The Buhari government has since coming into office in 2015 spent more than it has budgeted for every year. The skew of the budgets have not favoured sectors that boost domestic productivity ― going instead to servicing debts and paying salaries. Not surprisingly, the assumptions of these budgets have been consequently heroic. Thin this regard, the 2022 budget is no exception.
In other areas too, federal budgets had begun to precipitously run ahead of themselves, especially by the mid-1980s. The oil price on which these spending plans were laid was the biggest sign that our budgets and the processes by which they were arrived at had become footloose. That is aside the other inconvenience of the details of most budget packages being finally agreed well past their delivery dates.

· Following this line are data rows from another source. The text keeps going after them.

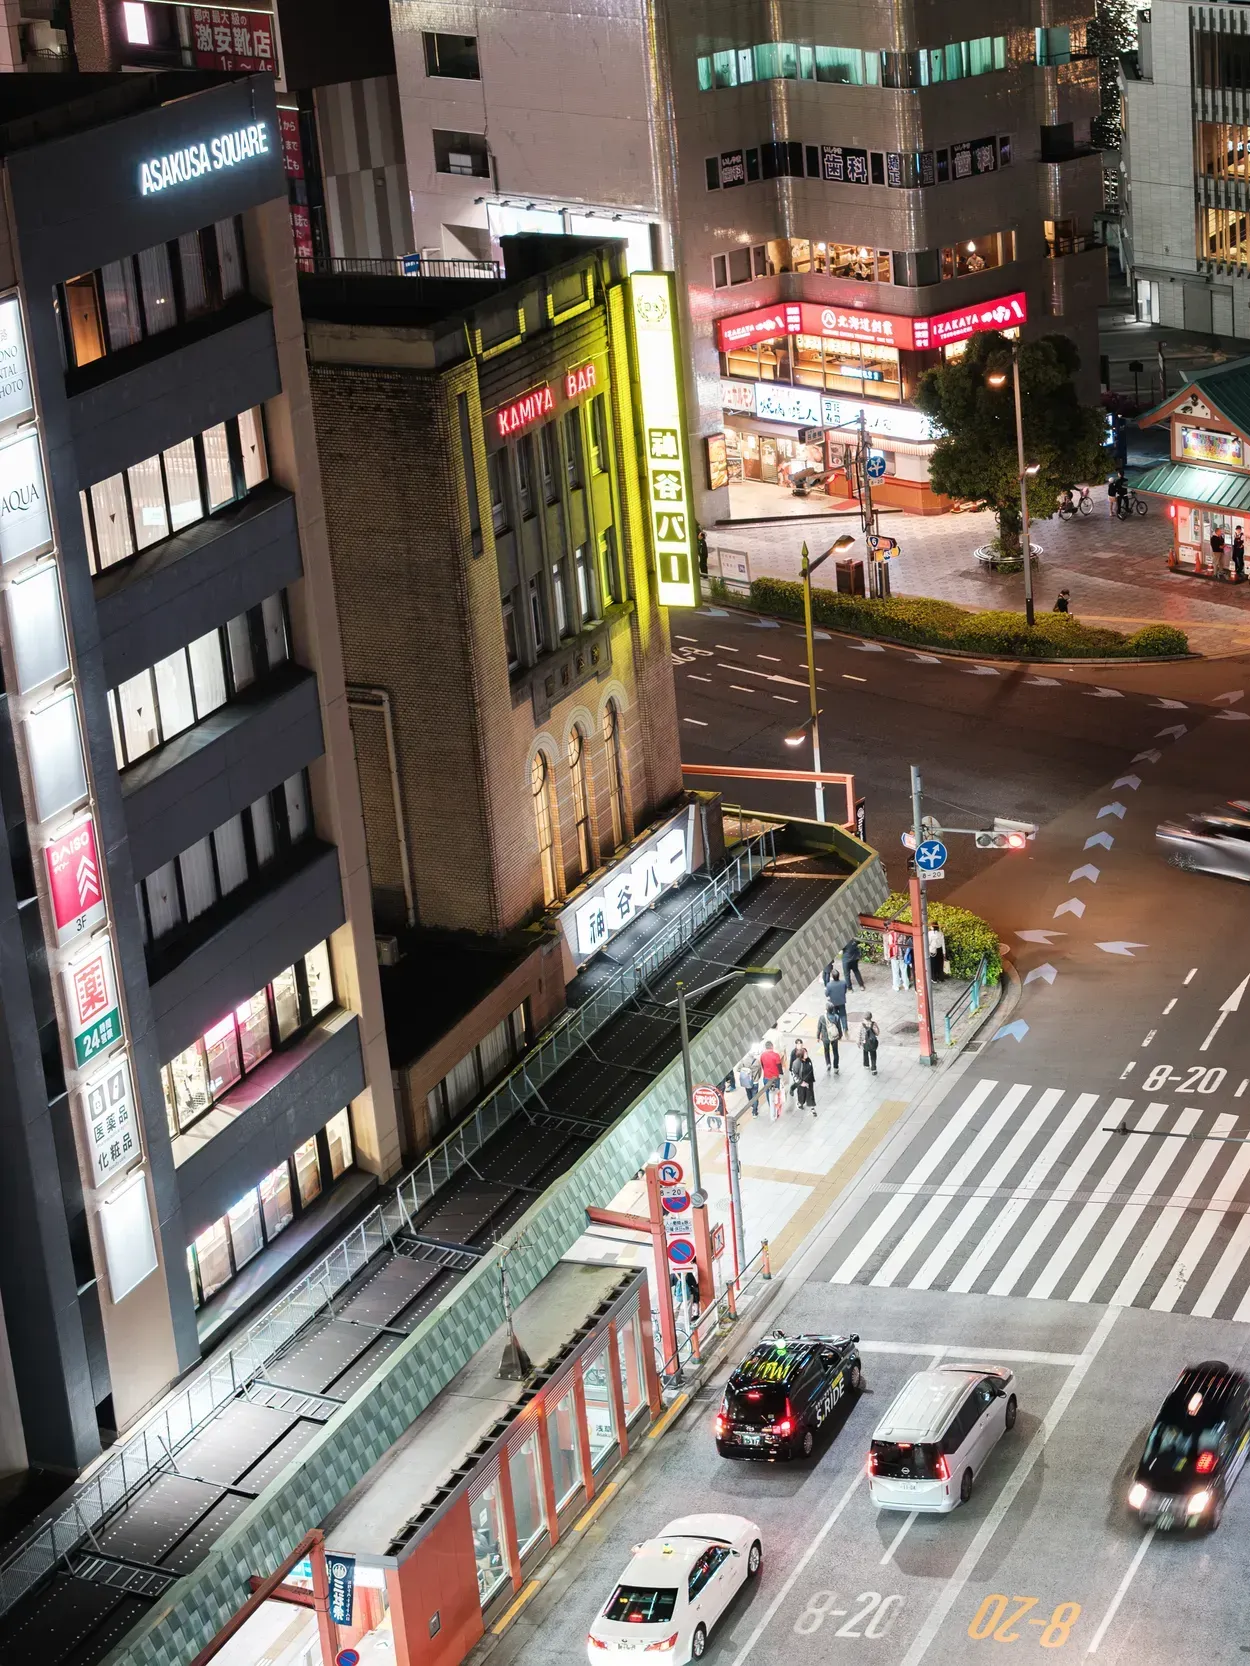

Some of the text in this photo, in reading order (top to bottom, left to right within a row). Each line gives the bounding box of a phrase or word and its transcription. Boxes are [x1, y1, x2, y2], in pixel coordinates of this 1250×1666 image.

[194, 8, 247, 25] 都内最大級の
[195, 24, 271, 58] 激安靴店
[142, 123, 268, 195] ASAKUSA SQUARE
[722, 164, 743, 182] 歯科
[824, 154, 867, 182] 歯科
[955, 145, 994, 178] 歯科
[933, 314, 979, 336] IZAKAYA
[499, 364, 597, 436] KAMIYA BAR
[1, 483, 39, 517] AQUA
[649, 430, 688, 583] 神谷バー
[51, 831, 89, 867] DAISO
[922, 871, 942, 879] 8-20
[589, 848, 684, 944] 神谷バー
[76, 915, 87, 932] 3F
[77, 963, 105, 1018] 薬
[83, 1028, 100, 1058] 24
[1141, 1064, 1228, 1094] 8-20
[94, 1105, 128, 1143] 医薬品
[98, 1132, 132, 1171] 化粧品
[660, 1189, 682, 1197] 8-20
[816, 1376, 845, 1428] S.RIDE
[793, 1589, 905, 1640] 8-20
[967, 1593, 1081, 1649] 8-20
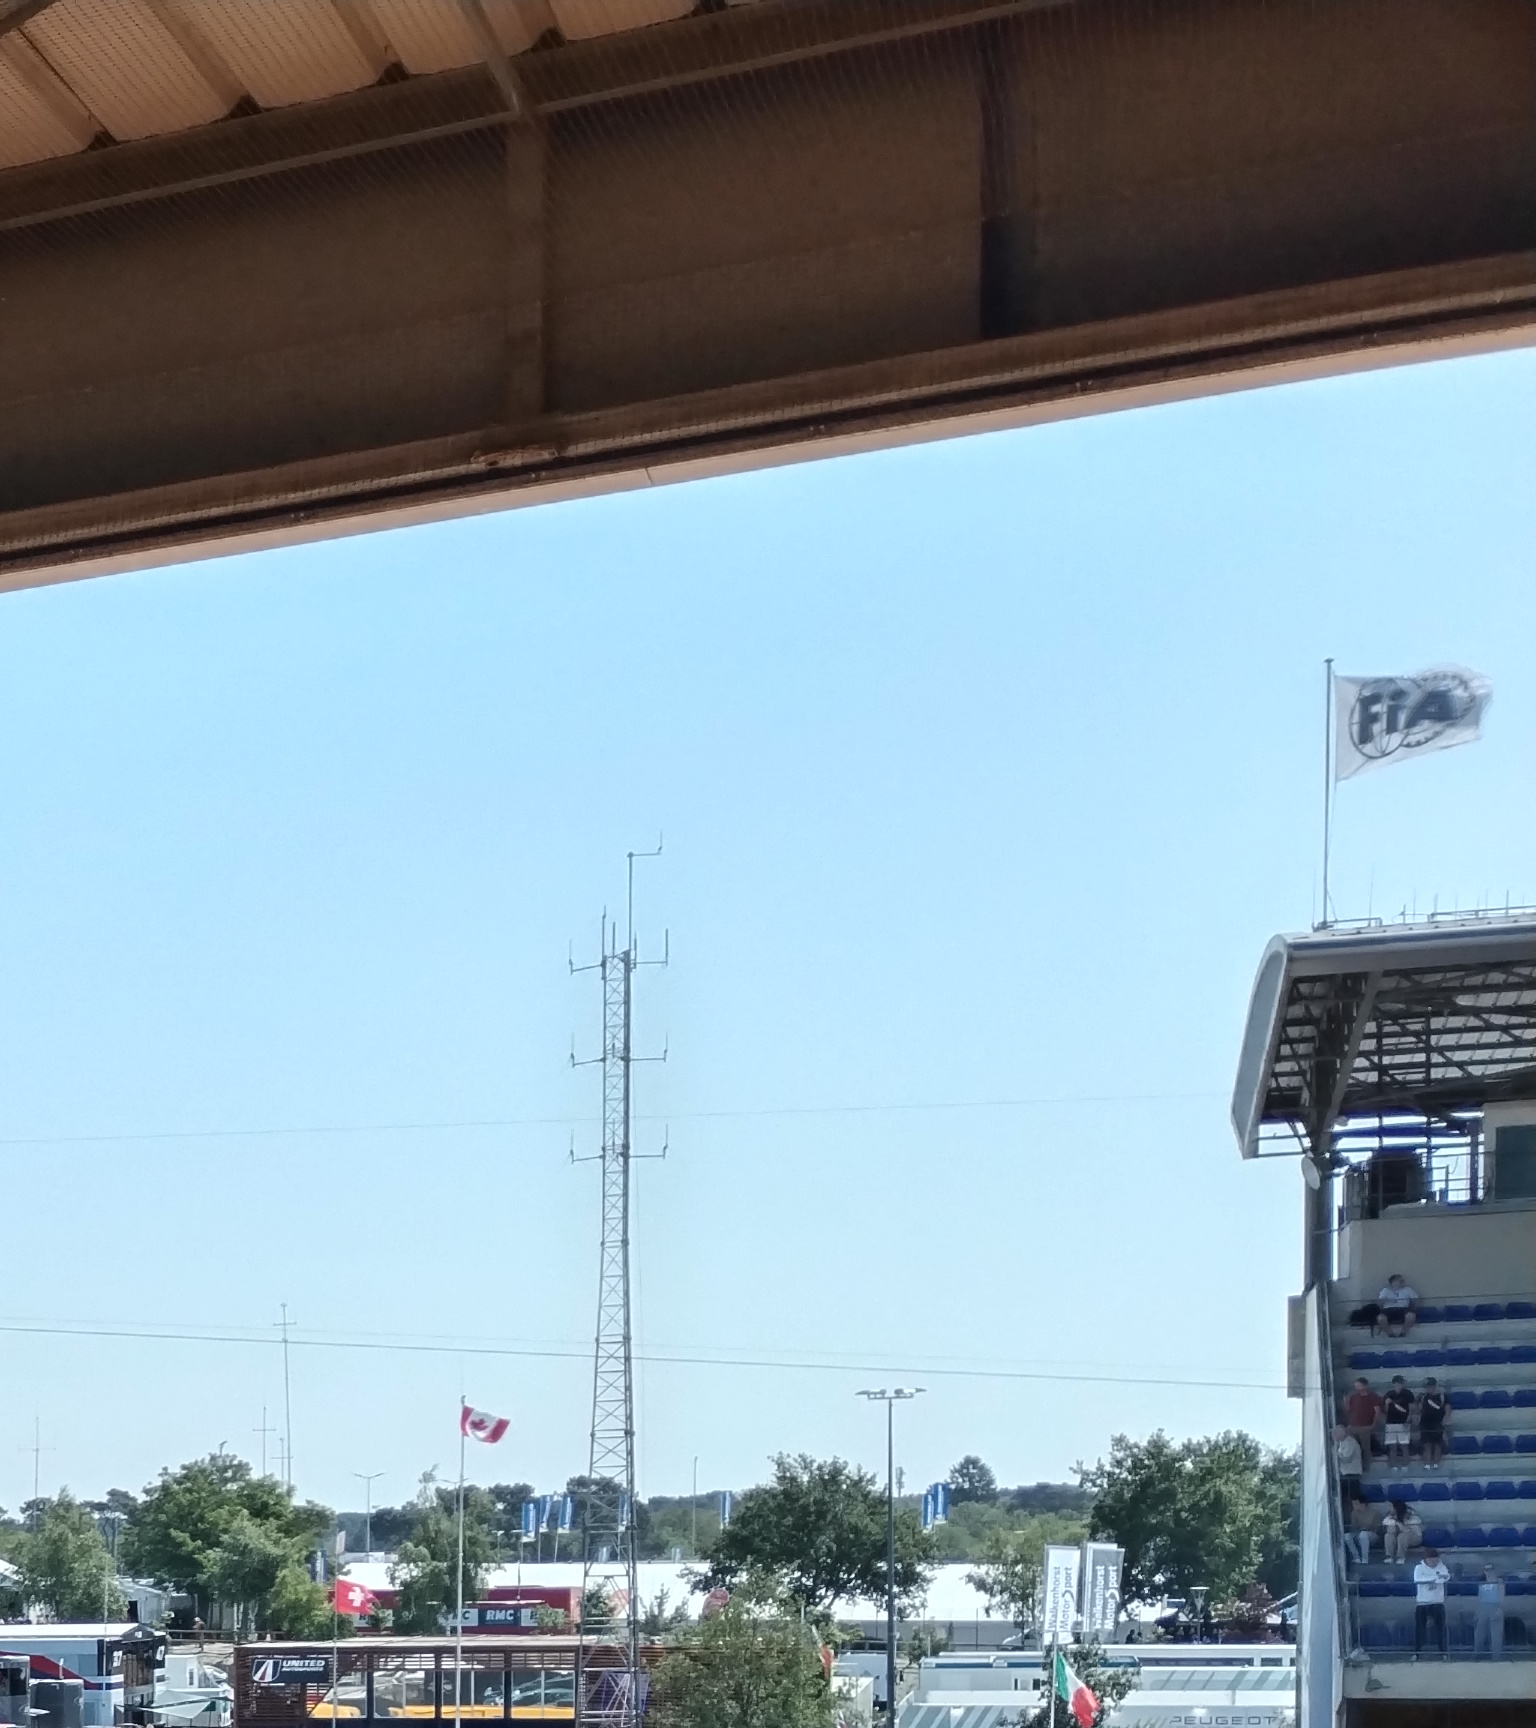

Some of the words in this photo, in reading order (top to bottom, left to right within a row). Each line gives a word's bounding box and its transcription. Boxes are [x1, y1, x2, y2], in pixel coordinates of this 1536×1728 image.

[485, 1610, 515, 1621] RMC
[282, 1659, 326, 1667] UNITED
[1168, 1715, 1278, 1727] PEUGEOT
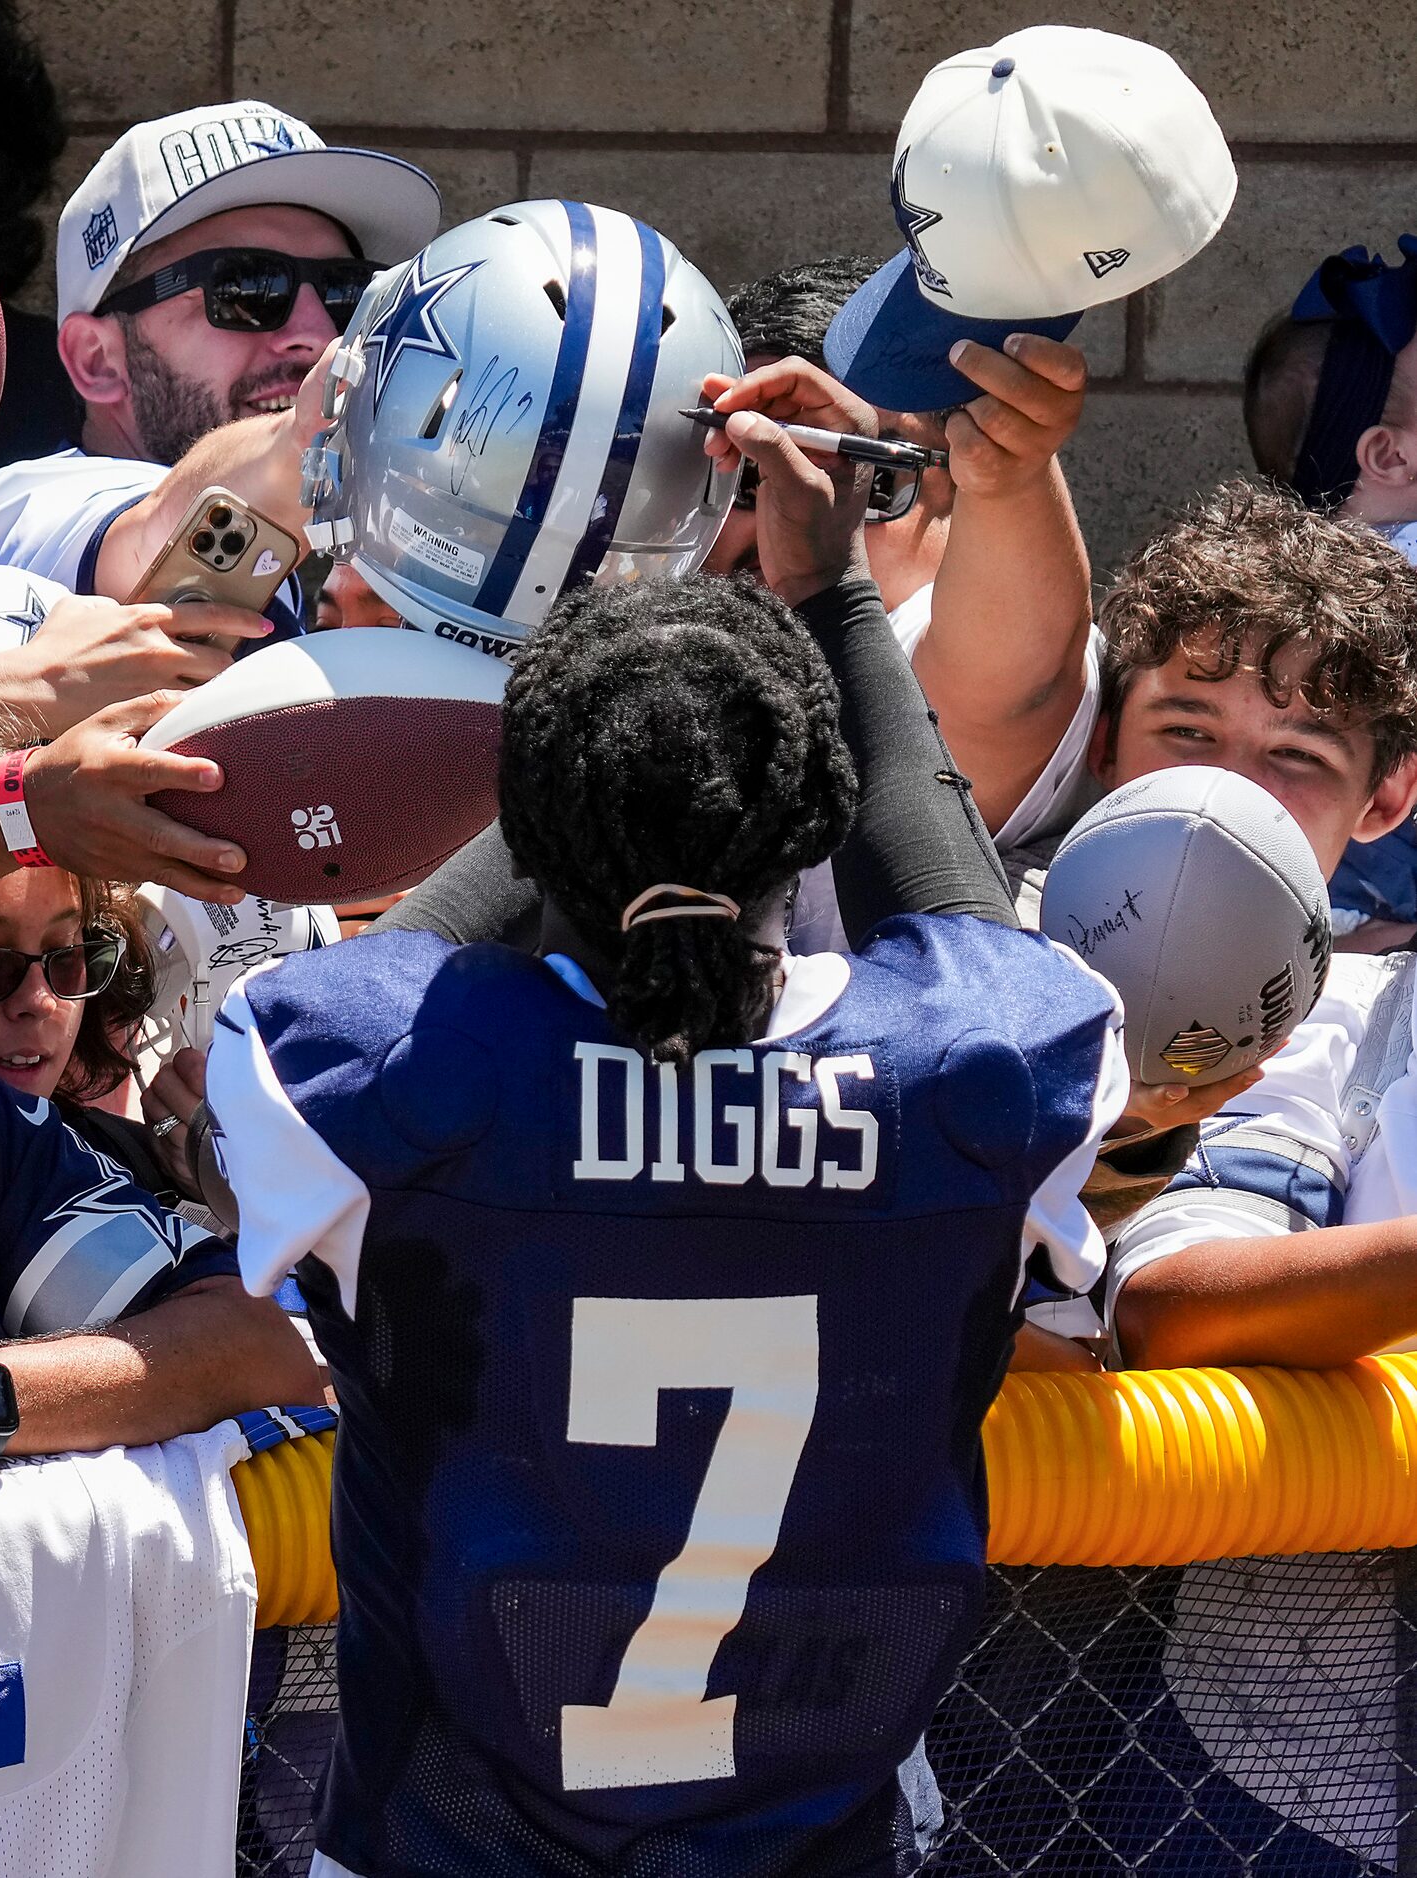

…the Obasanjo administration recognised that a huge sovereign debt burden was a limitation to the private sector’s flexible supply responses. But by far the administration’s biggest contribution to sanitising the fiscal planning space was its introduction of an oil price fiscal rule for the budget. This allowed us to fix a price for our major export earner in the budget, and to parlay earnings above that price into a rainy-day fund . One could not put a price on the predictability that this brought to the domestic planning chain. That is until the commodity supercycle broke in 2014. Plummeting oil prices then rendered subnational governments’ reluctance to play by the oil price fiscal rule moot.